L’Alpha / individu dominant au sein d’un groupe se distingue par un comportement dominant qui peut varier selon les espèces (prérogatives liées à la nourriture, à la reproduction, agressivité…), et qui n’est pas, ou rarement, contesté par ses congénères :
Relation de dominance-subordination
Dans un groupe de poulets vivant ensemble depuis quelque temps, on n'observe plus de manifestations d'agressivité si le grain donné aux animaux est suffisamment réparti dans l'enclos. Mais si l'on crée une situation de compétition, en plaçant un seul tas de grains devant le groupe affamé, on constate qu'un seul poulet (individu alpha) s'approche aussitôt et se nourrit activement. D'autres se tiennent à proximité, mais ne prennent pas de nourriture. Si quelques graines sont dispersées, un poulet qui en est proche peut s'en saisir, mais l'animal alpha fait un mouvement de menace, ou bien donne un coup de bec à l'intrus ; celui-ci s'éloigne immédiatement et ne rend jamais le coup de bec.
Si l'on enlève le dominant (alpha), on voit immédiatement un autre poulet (bêta) prendre sa place et dominer tous les autres comme le faisait alpha.
En éloignant ensuite successivement l'animal qui est dominant à chaque phase, on constate que sa présence empêchait les autres de manger, ce qui met en évidence la hiérarchie dans le groupe : l'ordre dans lequel les oiseaux se donnent des coups de bec (peck-order d'Allee), ou ordre de préséance (rank-order de W. Etkin), en est le signe.
Il est important de souligner que cette préséance n'est pas soutenue par des combats fréquents ; elle est acceptée par tous. C'est seulement de manière occasionnelle qu'un individu dépasse les limites et reçoit une punition, à laquelle il ne répond que par la fuite. Le plus souvent, il suffit que le dominant se prépare à donner un coup, préparation souvent ritualisée en une menace, pour que l'animal subordonné réagisse d'une manière adaptée. Il s'agit tantôt d'une fuite, tantôt d'une posture de subordination. Ces postures sont propres à chaque espèce : pattes fléchies, tête plus ou moins rentrée dans le corps chez le Poulet, inclinaisons de la tête chez le Lézard Anolis, présentation à l'agresseur d'une partie vulnérable du corps (la gorge chez le Loup, le ventre chez la Souris), avec dissimulation des parties qui ont valeur de menace (la gueule ouverte chez le Loup). Il s'agit quelquefois d'une posture inverse de celle qui constitue la menace : chez certains Poissons, le museau pointé vers le fond est une menace, mais, pointé vers la surface, il traduit une soumission. Chez certains Singes (Macaca mulatta), la présentation sexuelle (ou ici pseudo-sexuelle) des parties génitales manifeste l'acceptation de la dominance. Le « despote » arrête effectivement son attaque, sans pour cela passer nécessairement à une activité sexuelle.

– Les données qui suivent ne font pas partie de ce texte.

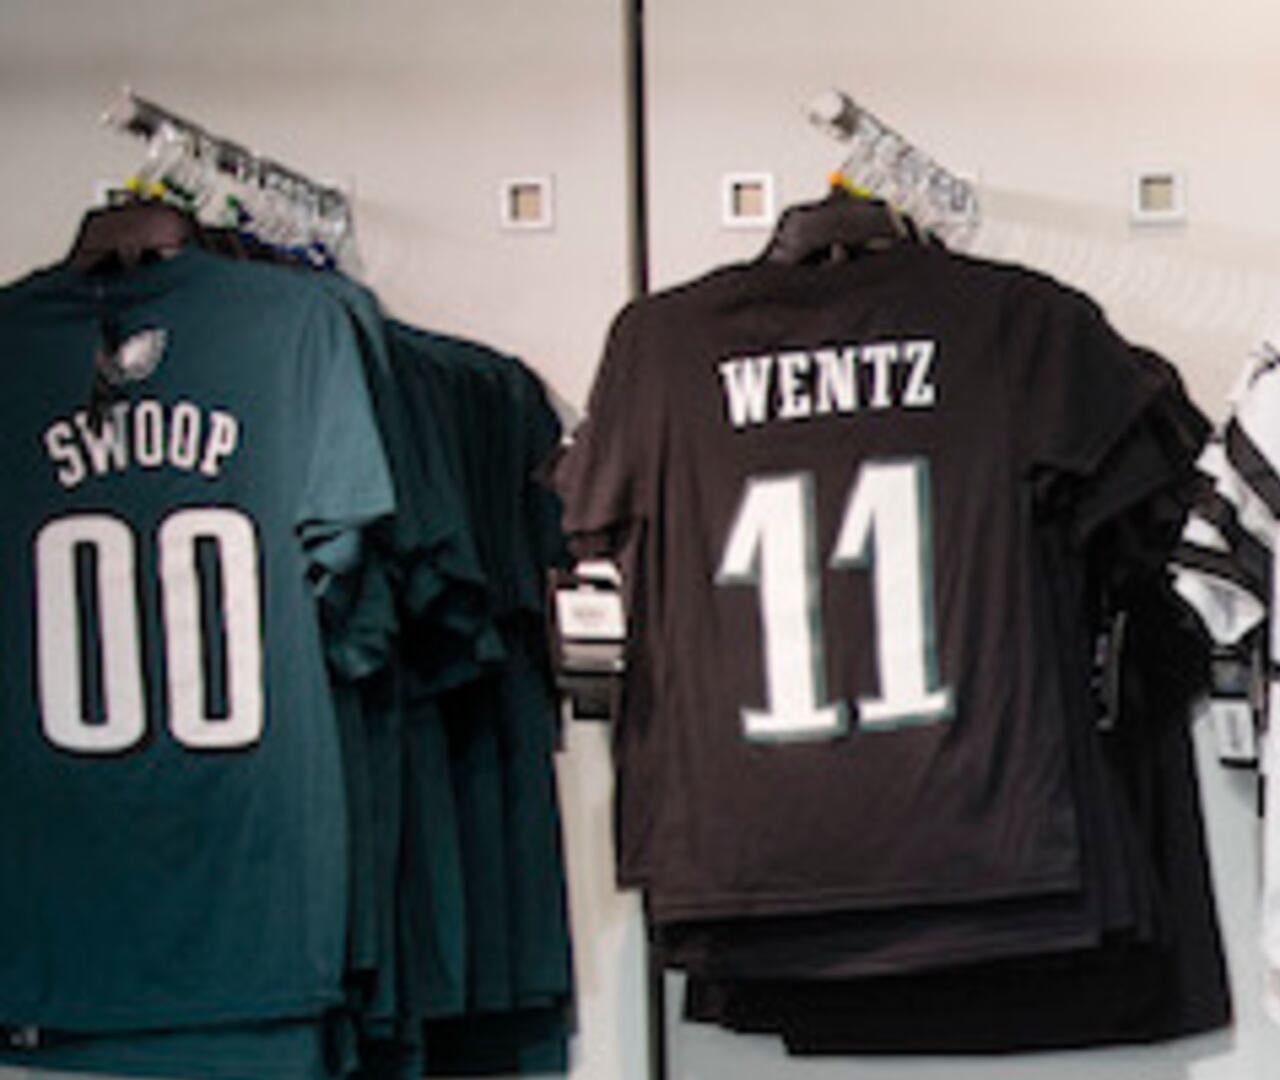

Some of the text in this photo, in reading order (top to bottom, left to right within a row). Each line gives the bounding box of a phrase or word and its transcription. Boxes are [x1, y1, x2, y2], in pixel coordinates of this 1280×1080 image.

Dans beaucoup d'espèces, quand le groupe social est stable, ces manifestations de subordination remplacent presque complètement les coups. Souvent même, le système dominance-subordination ne se manifeste que par un mouvement d'évitement : le subordonné laisse la place au dominant. Cela s'observe aussi bien chez les Squales (le dominé fait un écart lorsque sa trajectoire va rencontrer celle du dominant) que chez les Bovins, pour lesquels les manœuvres d'évitement sont la forme la plus fréquente des manifestations de dominance-soumission.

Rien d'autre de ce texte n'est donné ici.